‘A wonderful capacity for friendship’: Fr Colin Warrack SJ

May 1, 2025 in Featured News, News

Jesuit Father Colin Warrack SJ died on Thursday 17 April, 2025 aged 94 years in Cherryfield nursing home. His concelebrated Requiem Mass took place on Wednesday 23 April 2025, at 11am at Gonzaga College SJ Chapel, where Jesuits, family and friends gathered to bid him a final farewell.

The principal celebrant was Tom Casey SJ. Tom Layden SJ, former Provincial, gave the the homily, and current Provincial Shane Daly SJ delivered the final commendation. He was laid to rest in the Jesuit plot in Glasnevin Cemetery.

Father Warrack was born on 2 August in Nairobi, Kenya. His early education included study at St. Mary’s, Nairobi, Kenya; and he later studied Inter B.Sc. Biology in London and UCD.

He entered the Society of Jesus on 7 September 1953 at St Mary’s, Emo, County Laois, and took his first vows there two years later on 8 September 1955. He was ordained at Milltown Park Chapel, Dublin on 31 July 1964 and took his Final Vows at Clongowes Wood College SJ, Kildare, on 2 February 1967.

Colin taught in various Jesuit schools, including ten years in Clongowes Wood College SJ, from 1966–1976. He spent 23 years in Gonzaga College SJ where he was part of the Pastoral Spirituality Apostolate from 2001–2024.

In his homily Tom Layden referenced the significance of Colin dying during Easter time. He said that in the Gospel they had all heard read at the Mass Jesus sought to reassure his followers, telling them, “‘Let not your hearts be troubled. Believe in God and believe also in me’. Those are the words that the Lord addresses to us as we mourn the passing of Colin and commend him to the Father’s loving care and infinite mercy.”

Fr Tom said that the central focus of Colin’s life was his faith in Jesus Christ whom he knew as the way the truth and the life. His relationship with the Lord Jesus was nourished by his personal prayer – time spent with the Lord, listening to His word, pondering His presence in his life and our world and interceding for the many people who would ask Colin to remember them in his prayers.”

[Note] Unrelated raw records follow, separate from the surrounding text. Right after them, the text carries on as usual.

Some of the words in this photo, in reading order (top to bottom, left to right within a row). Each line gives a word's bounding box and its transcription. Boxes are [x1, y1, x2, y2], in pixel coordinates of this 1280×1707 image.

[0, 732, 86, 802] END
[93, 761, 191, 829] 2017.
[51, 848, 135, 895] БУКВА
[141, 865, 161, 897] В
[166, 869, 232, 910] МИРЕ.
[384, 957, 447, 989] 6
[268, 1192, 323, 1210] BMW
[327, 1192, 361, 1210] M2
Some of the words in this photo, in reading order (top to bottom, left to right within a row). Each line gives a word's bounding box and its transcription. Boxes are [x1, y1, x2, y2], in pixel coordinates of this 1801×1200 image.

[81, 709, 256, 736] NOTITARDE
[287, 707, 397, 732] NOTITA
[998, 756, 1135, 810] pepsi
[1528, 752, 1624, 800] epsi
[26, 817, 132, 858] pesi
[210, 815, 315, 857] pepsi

However he cautioned against any attempted hagiography of Colin saying that was not what he would have wanted. “Colin saw himself as being a real part of the human family, sharing in the human experience of having failings and being weak. He would want us to focus more on the glory of God revealed in the life, death and resurrection of Jesus, rather than on himself,”

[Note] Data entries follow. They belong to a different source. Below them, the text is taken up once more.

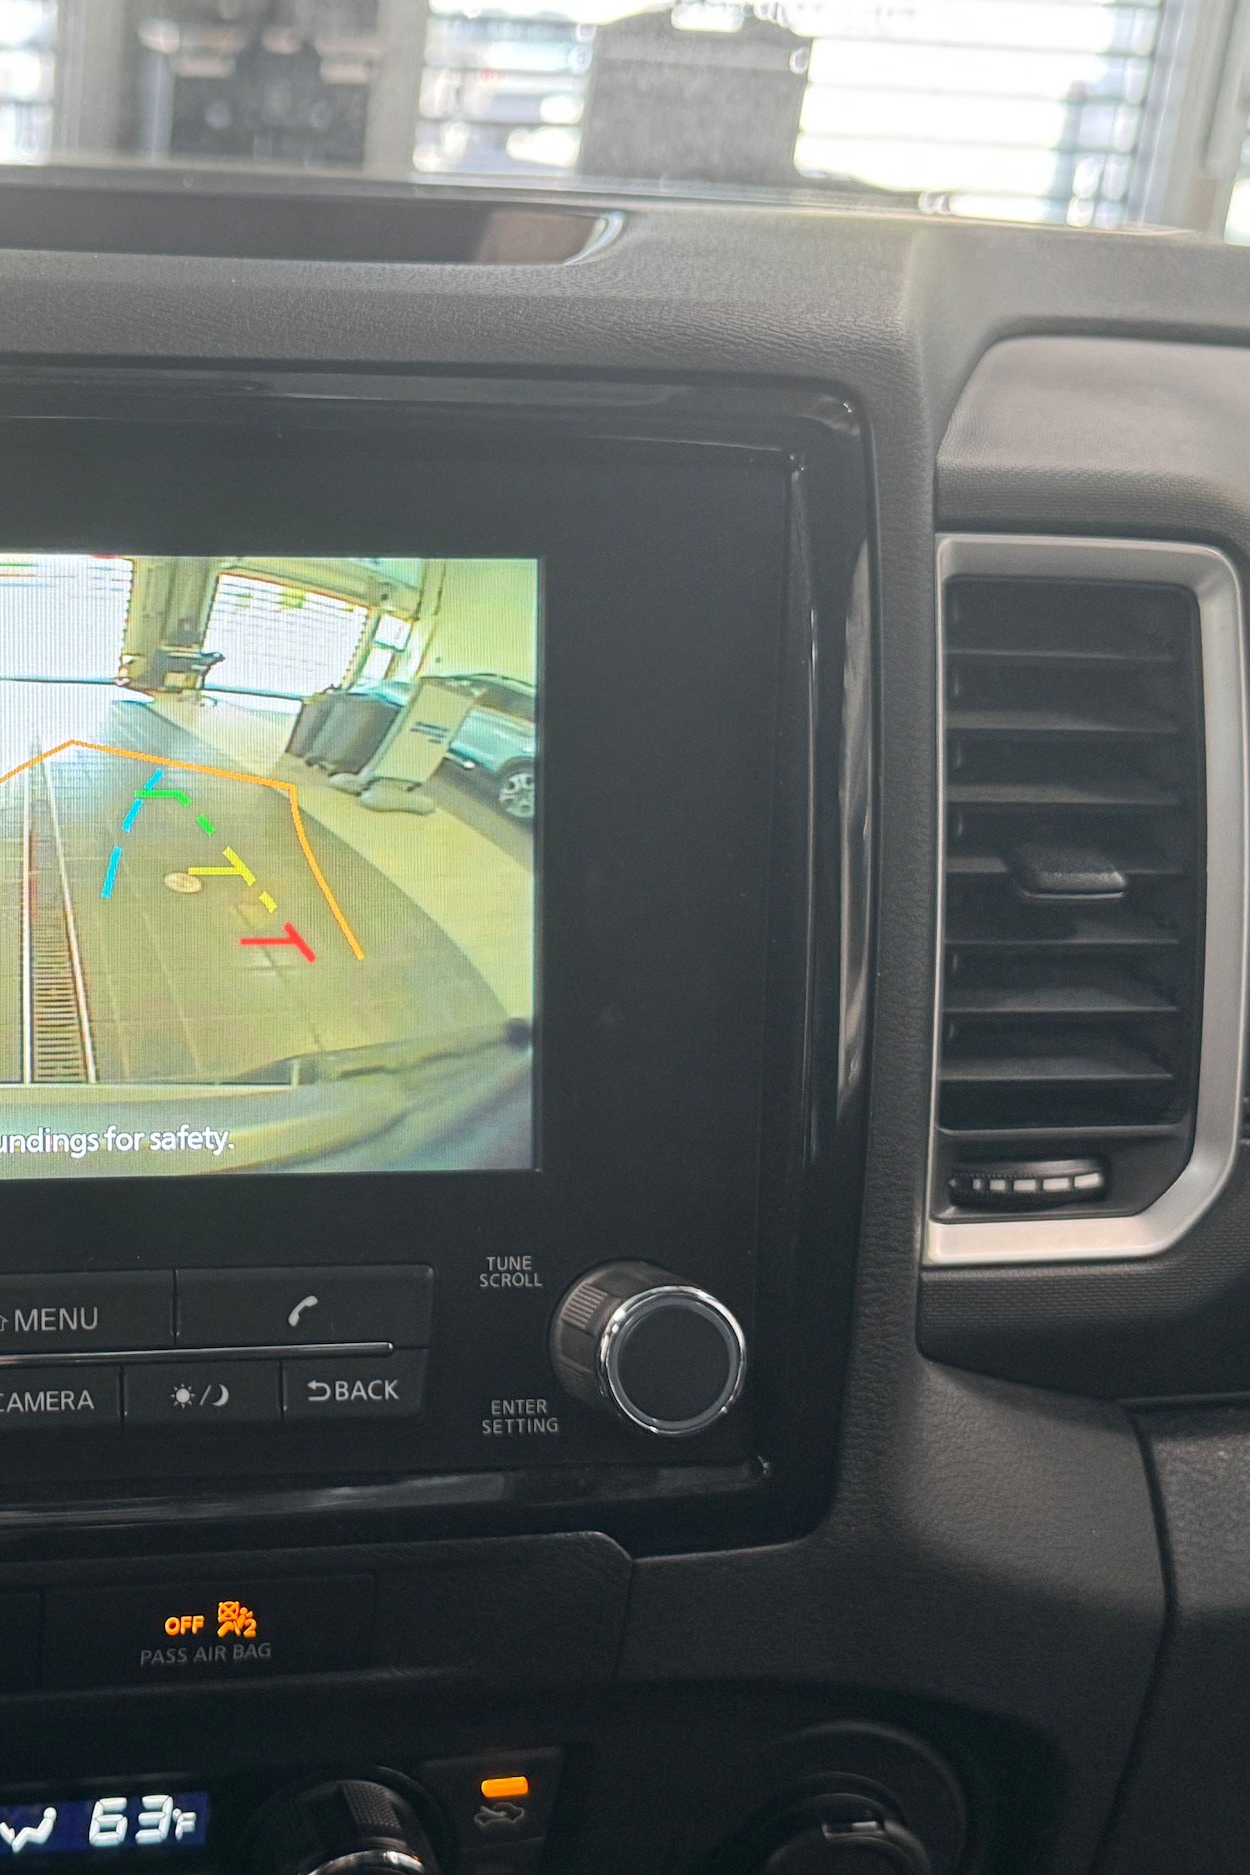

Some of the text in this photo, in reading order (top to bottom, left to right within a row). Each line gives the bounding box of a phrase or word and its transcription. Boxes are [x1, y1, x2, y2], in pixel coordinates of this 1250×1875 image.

[104, 1125, 145, 1151] for
[150, 1124, 234, 1156] safety.
[486, 1255, 532, 1272] TUNE
[479, 1271, 543, 1288] SCROLL
[14, 1307, 98, 1332] MENU
[335, 1379, 399, 1401] BACK
[491, 1398, 548, 1416] ENTER
[481, 1417, 559, 1435] SETTING
[164, 1615, 205, 1636] OFF
[140, 1642, 272, 1666] PASS AIR BAG

Nonetheless, Fr Tom felt it was important to state that, “So many of us have experienced the Lord’s consolation coming to us through Colin. Through his humanity, and through his ministry. We want to acknowledge that and give thanks to God for it,” he said, going on to share his experience of Colin as a teacher. “I first met him in Clongowes in the 1970s where he was my biology teacher for three years. Science didn’t come easily to me. It was only really in those years that I began to feel comfortable and confident. Colin was an encouraging and patient teacher.”

Fr Tom also recalled Colin’s love of nature and the outdoors. “He enjoyed going up the mountain and camping out in his tent. We didn’t talk so much about ecology back in the 70’s, but we did talk about the environment. Colin had a great sense – going back to his boyhood in Kenya – of God’s glory in the created world and our responsibility to honour and take care of the gift of the mountains and the rivers, the land and the sea. He encouraged me to read the works of Teilhard de Chardin SJ.”

In the days after his death, many of the sentiments expressed by Fr Tom in his homily, were echoed on social media by past pupils of Colin. As was shared, “I have had a lifelong interest in reading and studying different philosophies, an interest inspired and encouraged by Fr Warrack… He was probably more impactful, in a quiet and understated way, than he ever realised… I felt very lucky to have been his pupil. And still do. May he rest in peace.”

Agus ar dheis Dé go raibh a anam dílis.